Data for this exercise START

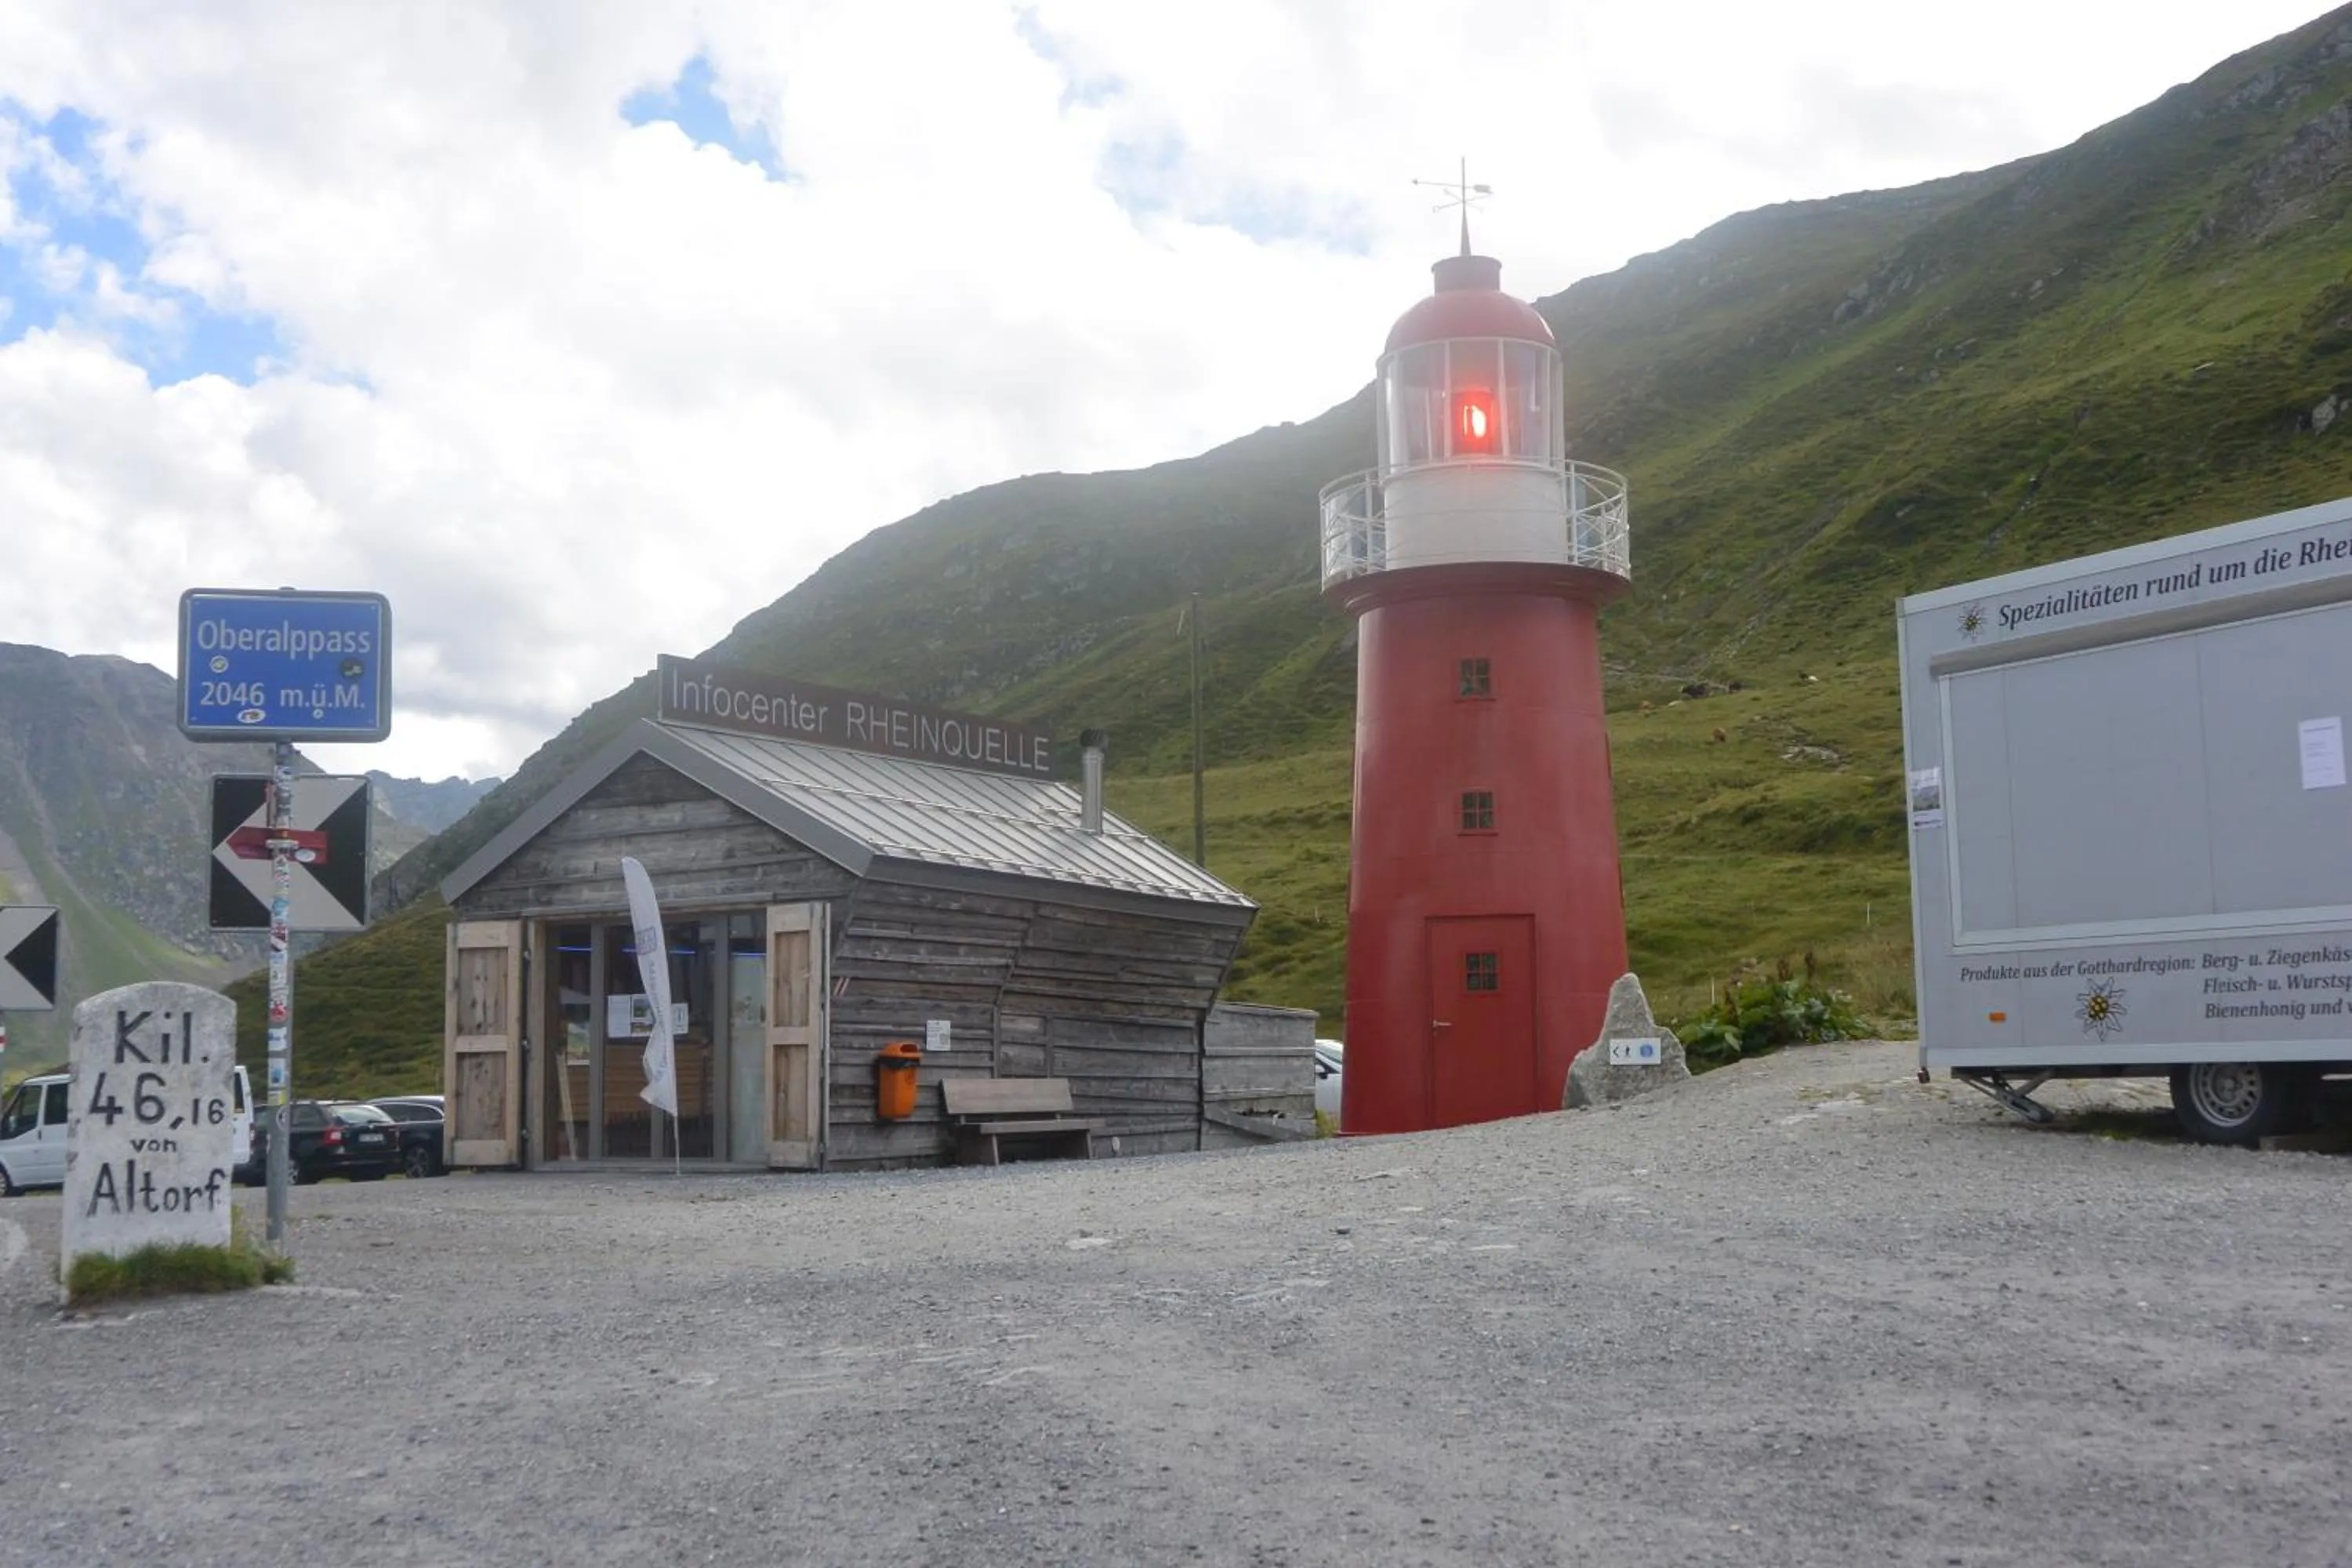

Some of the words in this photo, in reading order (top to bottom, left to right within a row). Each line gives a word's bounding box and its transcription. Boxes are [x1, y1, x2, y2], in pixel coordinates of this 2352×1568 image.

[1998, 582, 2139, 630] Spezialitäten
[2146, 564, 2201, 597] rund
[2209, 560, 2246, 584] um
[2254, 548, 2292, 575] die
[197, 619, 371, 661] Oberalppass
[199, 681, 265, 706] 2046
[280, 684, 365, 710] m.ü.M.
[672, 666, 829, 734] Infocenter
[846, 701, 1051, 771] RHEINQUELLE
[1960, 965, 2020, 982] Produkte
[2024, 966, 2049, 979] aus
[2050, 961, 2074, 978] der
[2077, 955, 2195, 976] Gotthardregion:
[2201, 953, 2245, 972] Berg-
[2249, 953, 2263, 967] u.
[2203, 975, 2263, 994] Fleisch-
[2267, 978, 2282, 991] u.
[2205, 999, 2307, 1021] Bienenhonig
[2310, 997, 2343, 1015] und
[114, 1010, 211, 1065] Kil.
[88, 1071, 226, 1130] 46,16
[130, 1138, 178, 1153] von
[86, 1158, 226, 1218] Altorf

Data for this exercise END

Exercise requirements: Omitting the pictures, repeat all entries exactly.

Solution to this problem:
Some of the words in this photo, in reading order (top to bottom, left to right within a row). Each line gives a word's bounding box and its transcription. Boxes are [x1, y1, x2, y2], in pixel coordinates of this 2352×1568 image.

[1998, 582, 2139, 630] Spezialitäten
[2146, 564, 2201, 597] rund
[2209, 560, 2246, 584] um
[2254, 548, 2292, 575] die
[197, 619, 371, 661] Oberalppass
[199, 681, 265, 706] 2046
[280, 684, 365, 710] m.ü.M.
[672, 666, 829, 734] Infocenter
[846, 701, 1051, 771] RHEINQUELLE
[1960, 965, 2020, 982] Produkte
[2024, 966, 2049, 979] aus
[2050, 961, 2074, 978] der
[2077, 955, 2195, 976] Gotthardregion:
[2201, 953, 2245, 972] Berg-
[2249, 953, 2263, 967] u.
[2203, 975, 2263, 994] Fleisch-
[2267, 978, 2282, 991] u.
[2205, 999, 2307, 1021] Bienenhonig
[2310, 997, 2343, 1015] und
[114, 1010, 211, 1065] Kil.
[88, 1071, 226, 1130] 46,16
[130, 1138, 178, 1153] von
[86, 1158, 226, 1218] Altorf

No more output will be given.